Top of INFORMATION SUPPLIED

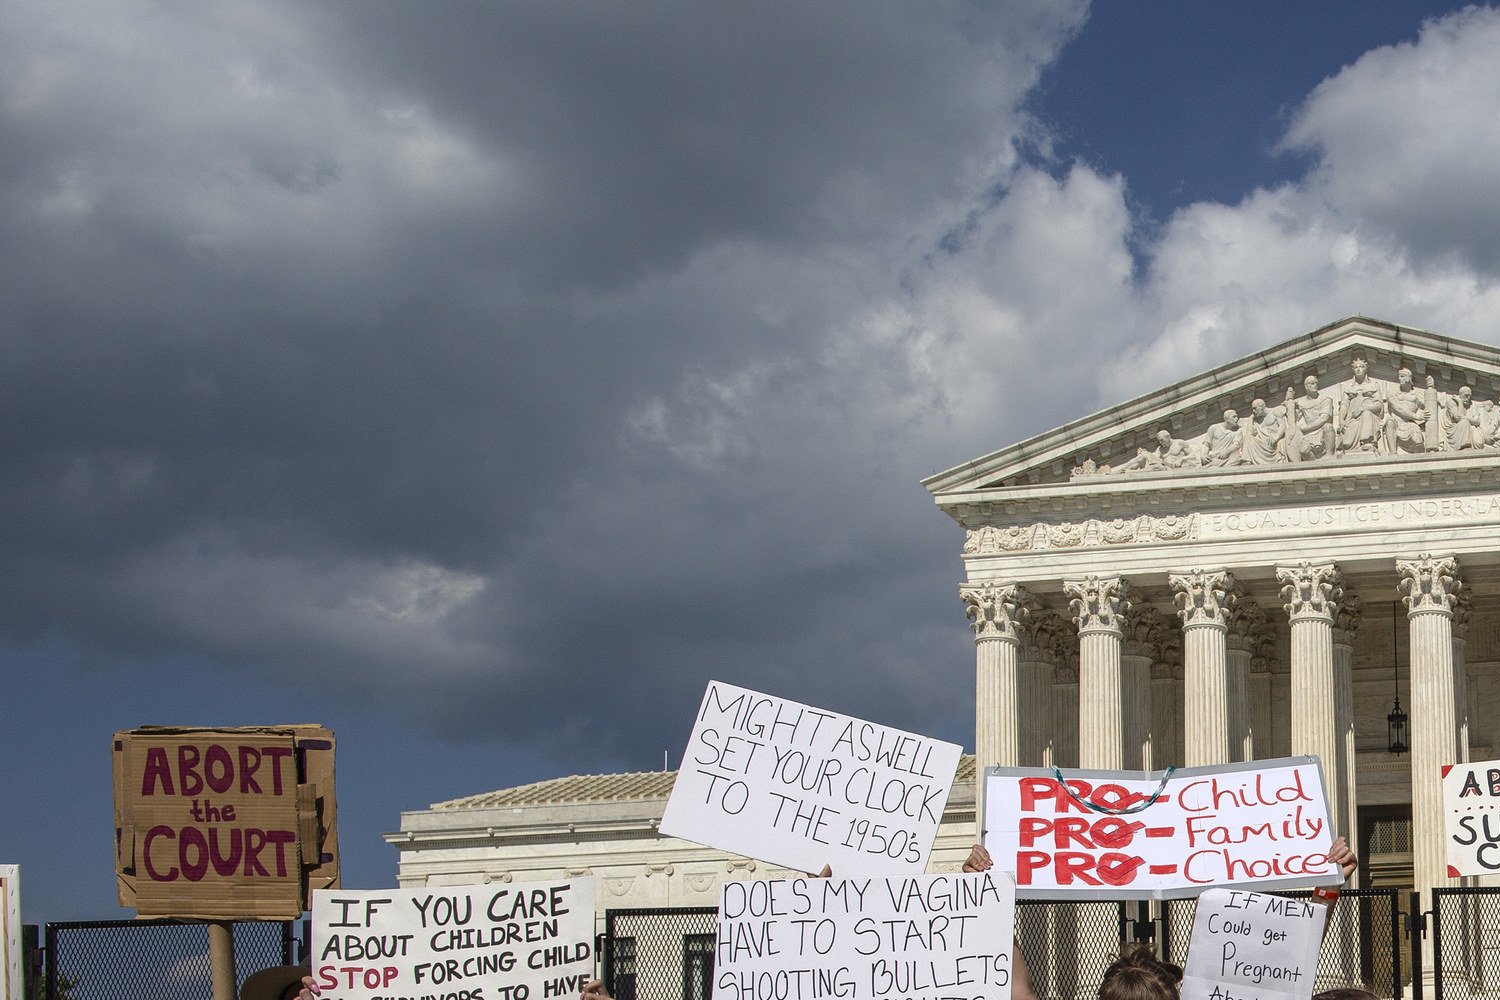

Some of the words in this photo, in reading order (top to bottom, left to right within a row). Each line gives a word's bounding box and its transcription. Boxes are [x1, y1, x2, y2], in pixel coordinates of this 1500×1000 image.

[1212, 510, 1288, 532] EQUAL
[1290, 504, 1380, 528] JUSTICE
[1391, 498, 1468, 521] UNDER
[700, 684, 837, 746] MIGHT
[141, 744, 293, 797] ABORT
[694, 728, 765, 774] SET
[771, 744, 844, 797] YOUR
[845, 767, 944, 825] CLOCK
[189, 799, 237, 823] the
[696, 769, 750, 815] TO
[770, 791, 842, 846] THE
[840, 817, 922, 864] 1950's
[143, 824, 296, 882] COURT
[329, 898, 393, 928] IF
[410, 894, 473, 927] YOU
[486, 885, 571, 923] CARE
[724, 878, 812, 920] DOES
[822, 878, 872, 914] MY
[885, 873, 1001, 914] VAGINA
[1223, 892, 1262, 909] IF
[1264, 898, 1316, 919] MEN
[321, 933, 415, 962] ABOUT
[430, 920, 559, 953] CHILDREN
[718, 920, 781, 967] HAVE
[790, 918, 837, 956] TO
[854, 915, 978, 957] START
[1208, 913, 1252, 937] Could
[1263, 929, 1288, 945] get
[318, 966, 399, 991] STOP
[414, 956, 521, 986] FORCING
[527, 942, 591, 971] CHILD
[871, 953, 1010, 996] BULLETS
[1220, 941, 1303, 984] Pregnant
[543, 972, 592, 999] HAVE

Bottom of INFORMATION SUPPLIED

TO DO: From the first line to the last, copy the records above exactly and drop any pictures.

SOLUTION TO THIS TASK:
Some of the words in this photo, in reading order (top to bottom, left to right within a row). Each line gives a word's bounding box and its transcription. Boxes are [x1, y1, x2, y2], in pixel coordinates of this 1500×1000 image.

[1212, 510, 1288, 532] EQUAL
[1290, 504, 1380, 528] JUSTICE
[1391, 498, 1468, 521] UNDER
[700, 684, 837, 746] MIGHT
[141, 744, 293, 797] ABORT
[694, 728, 765, 774] SET
[771, 744, 844, 797] YOUR
[845, 767, 944, 825] CLOCK
[189, 799, 237, 823] the
[696, 769, 750, 815] TO
[770, 791, 842, 846] THE
[840, 817, 922, 864] 1950's
[143, 824, 296, 882] COURT
[329, 898, 393, 928] IF
[410, 894, 473, 927] YOU
[486, 885, 571, 923] CARE
[724, 878, 812, 920] DOES
[822, 878, 872, 914] MY
[885, 873, 1001, 914] VAGINA
[1223, 892, 1262, 909] IF
[1264, 898, 1316, 919] MEN
[321, 933, 415, 962] ABOUT
[430, 920, 559, 953] CHILDREN
[718, 920, 781, 967] HAVE
[790, 918, 837, 956] TO
[854, 915, 978, 957] START
[1208, 913, 1252, 937] Could
[1263, 929, 1288, 945] get
[318, 966, 399, 991] STOP
[414, 956, 521, 986] FORCING
[527, 942, 591, 971] CHILD
[871, 953, 1010, 996] BULLETS
[1220, 941, 1303, 984] Pregnant
[543, 972, 592, 999] HAVE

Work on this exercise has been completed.